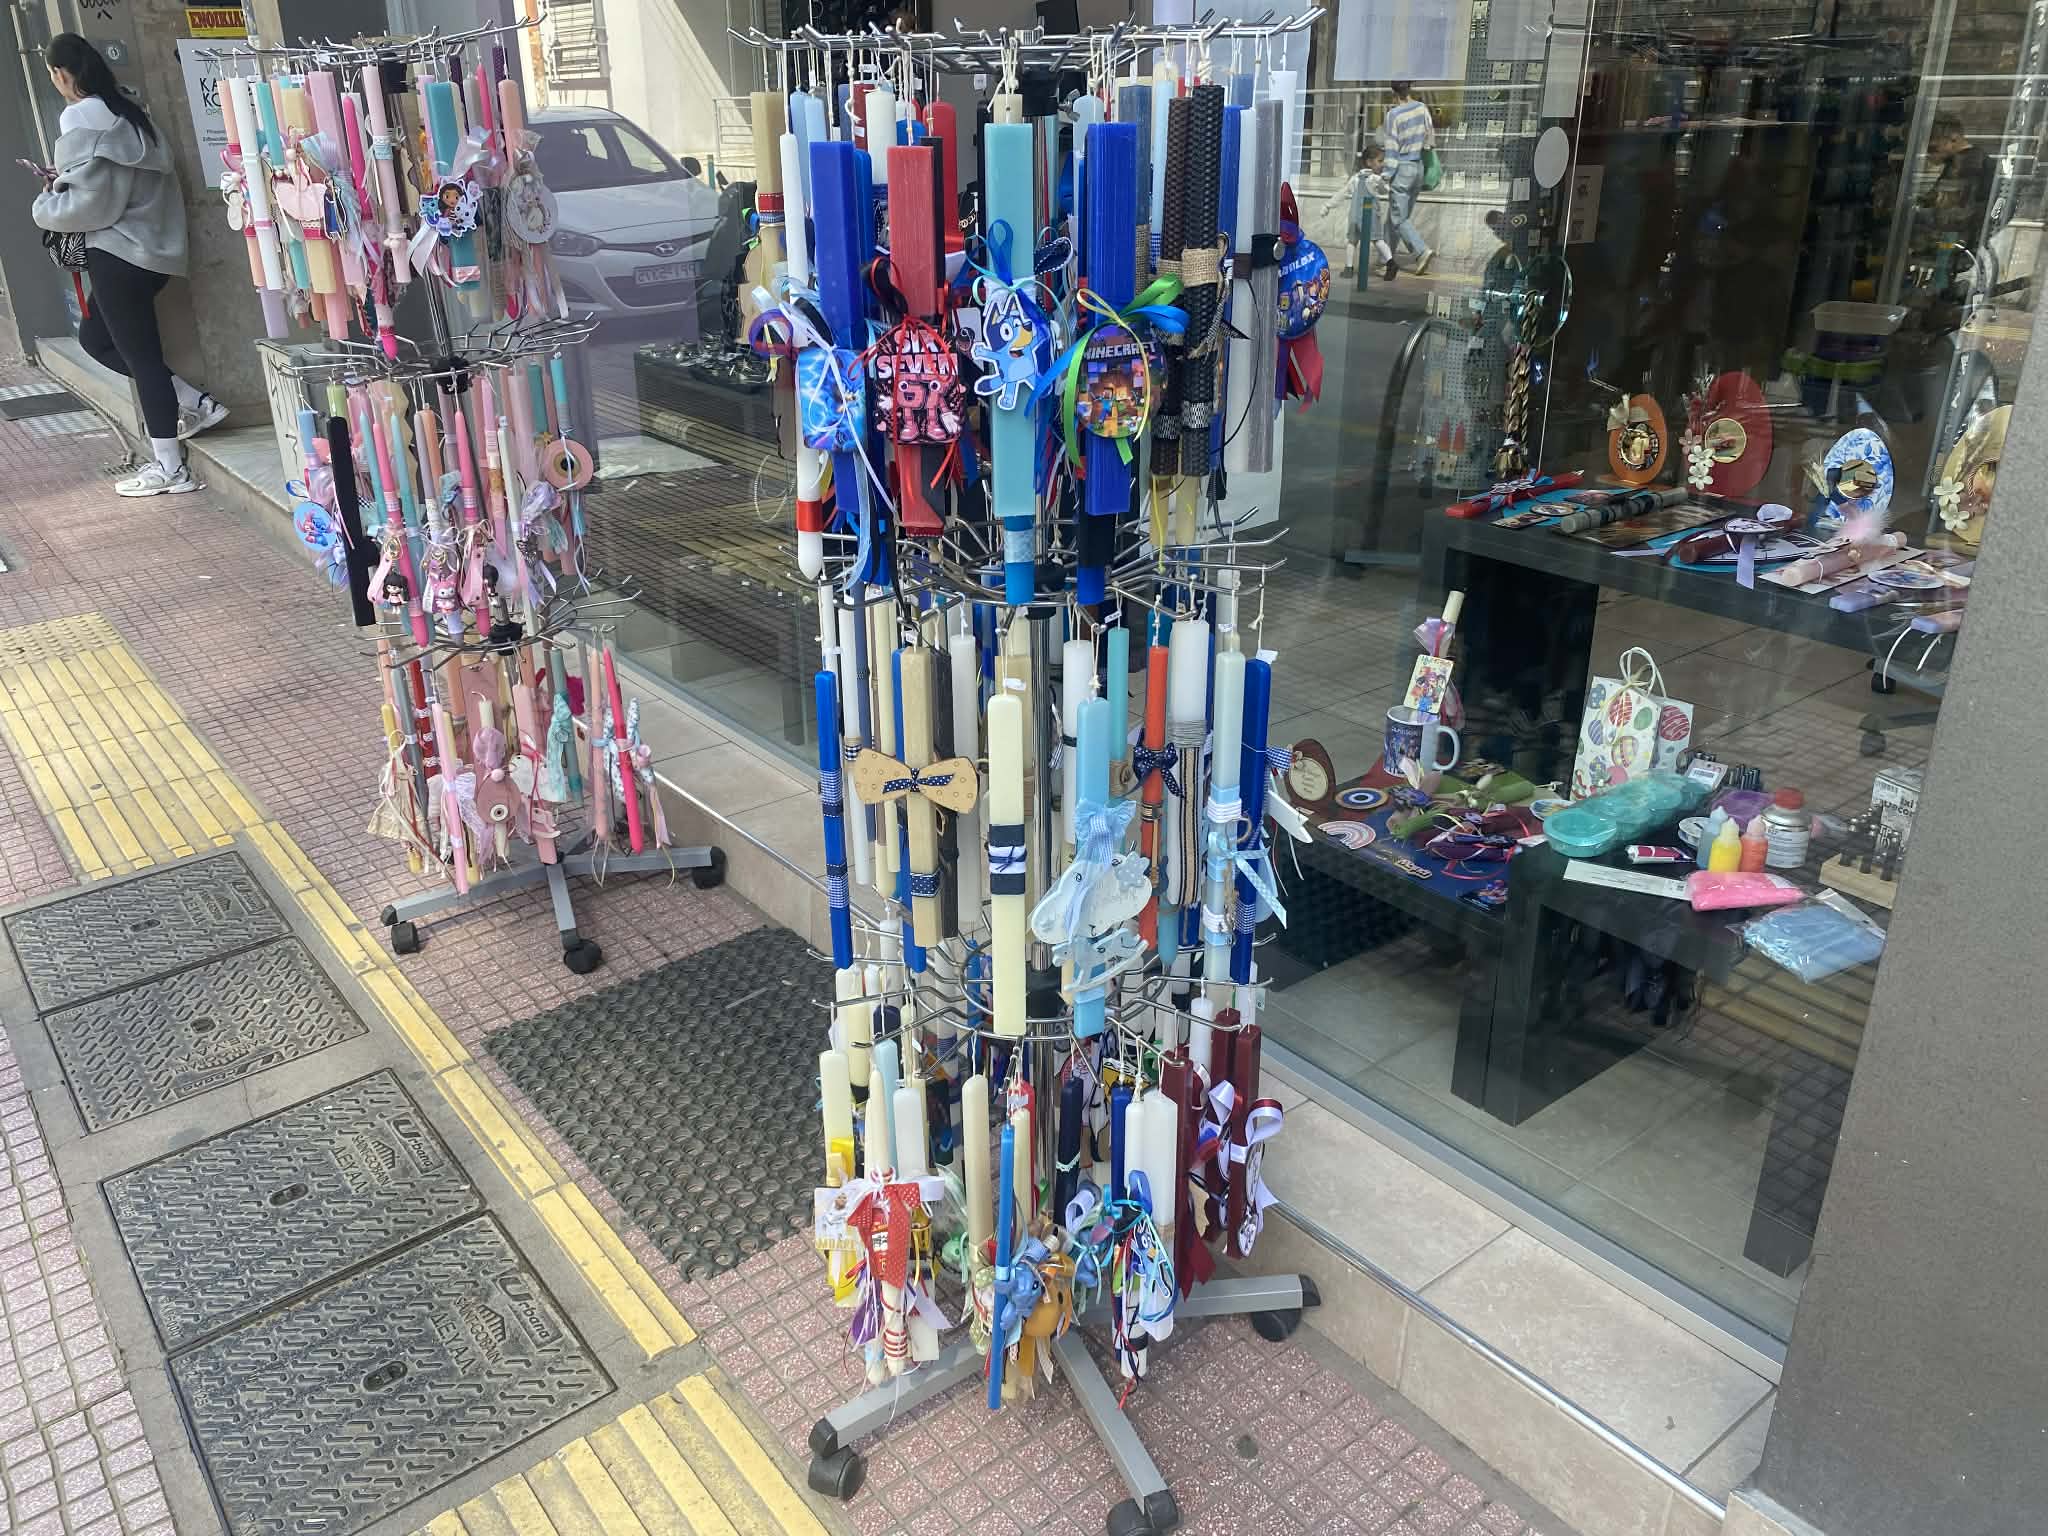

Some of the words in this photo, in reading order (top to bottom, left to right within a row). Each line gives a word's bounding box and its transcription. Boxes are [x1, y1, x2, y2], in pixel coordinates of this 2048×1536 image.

[876, 352, 958, 379] SEVEN
[392, 1119, 434, 1167] Urbana
[499, 1277, 550, 1338] Urbana
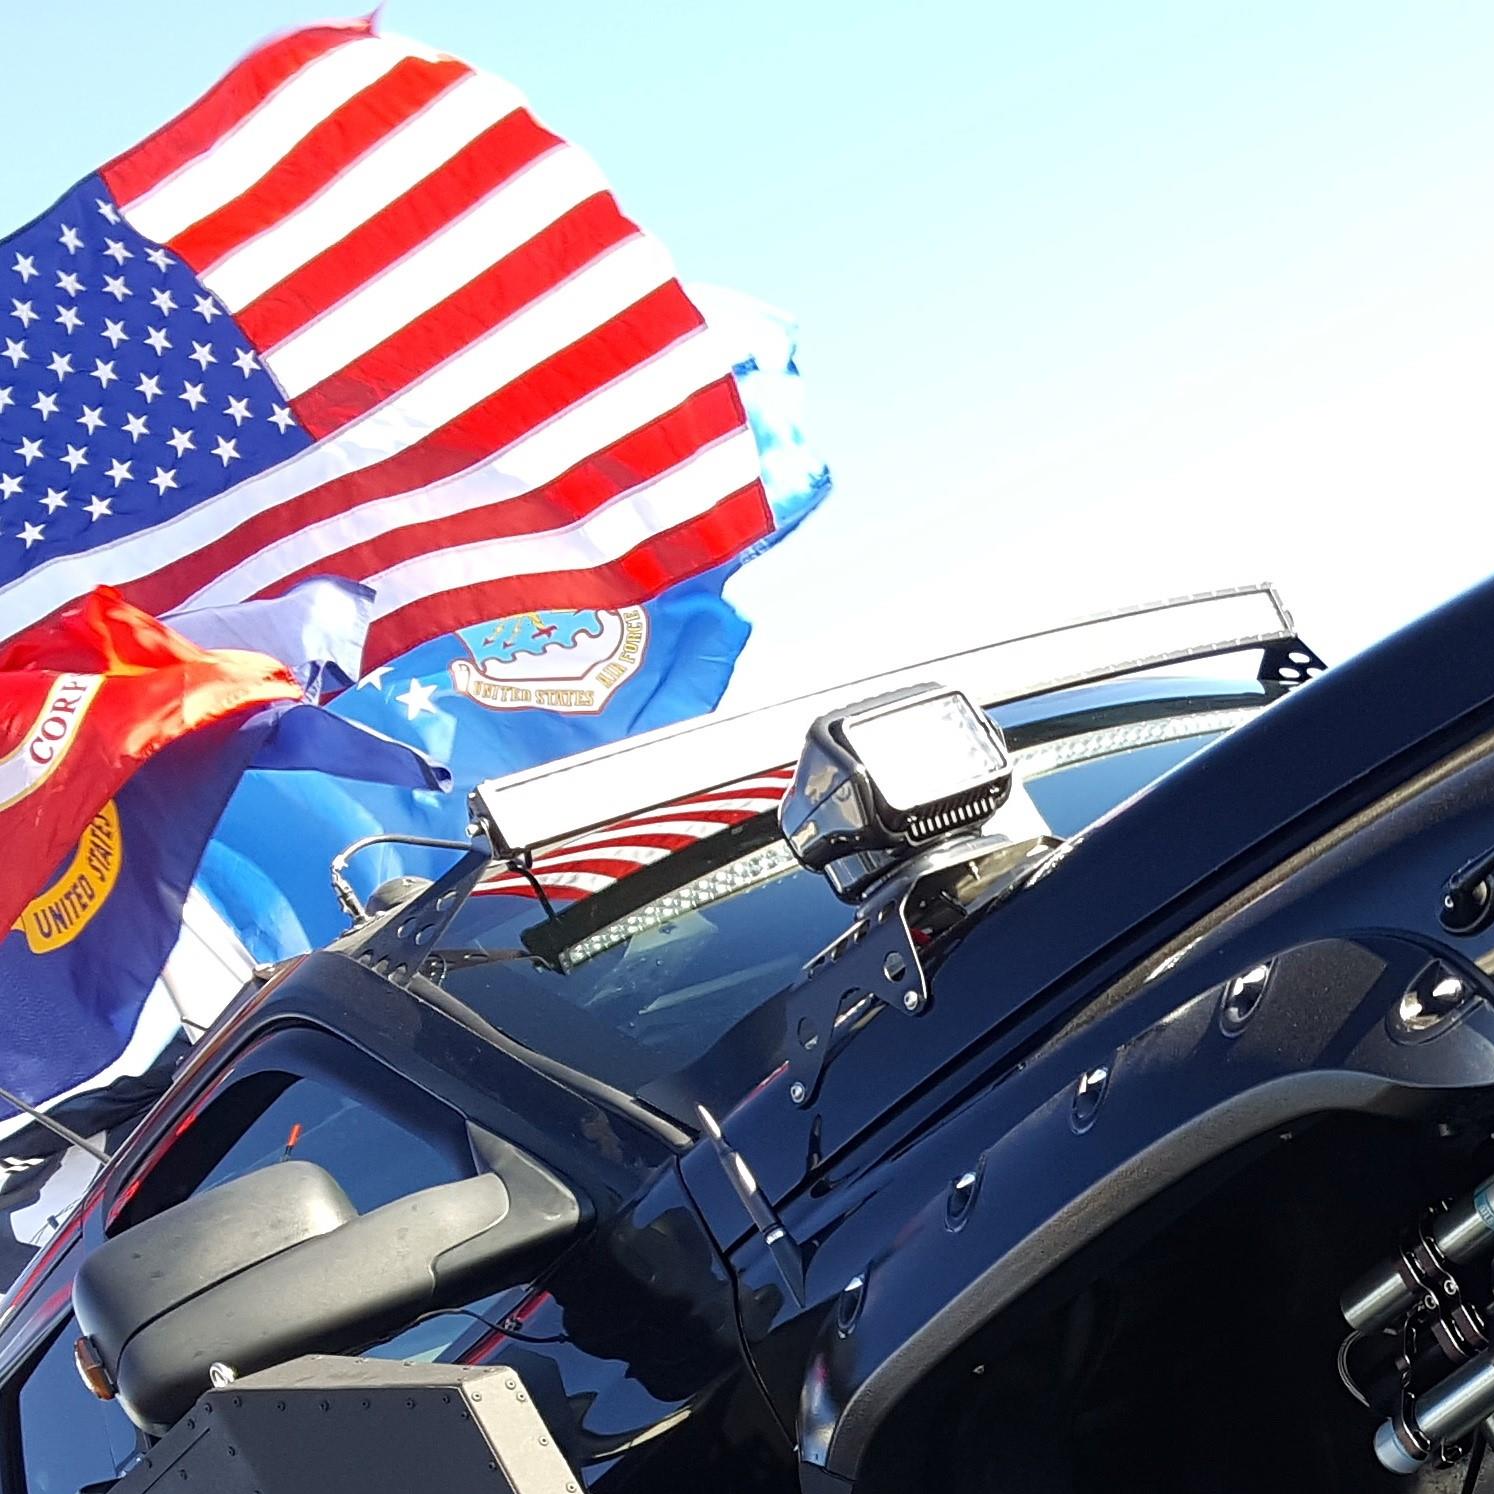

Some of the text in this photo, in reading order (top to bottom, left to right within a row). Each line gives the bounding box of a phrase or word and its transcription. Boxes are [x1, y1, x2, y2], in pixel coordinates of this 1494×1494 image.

[473, 610, 643, 706] UNITED STATES AIR FORCE
[33, 874, 96, 939] UNITED
________________________________________
◆ Work to be completed
In your copy, please omit the pictures and print every line of the records exactly.

◆ Written response
Some of the words in this photo, in reading order (top to bottom, left to right within a row). Each line gives a word's bounding box and its transcription. Boxes are [x1, y1, x2, y2], in pixel coordinates of this 2048×1536 image.

[876, 352, 958, 379] SEVEN
[392, 1119, 434, 1167] Urbana
[499, 1277, 550, 1338] Urbana

Some of the text in this photo, in reading order (top to bottom, left to right within a row). Each line gives the bounding box of a phrase or word and its transcription. Boxes are [x1, y1, x2, y2], in pixel coordinates of this 1494×1494 image.

[473, 610, 643, 706] UNITED STATES AIR FORCE
[33, 874, 96, 939] UNITED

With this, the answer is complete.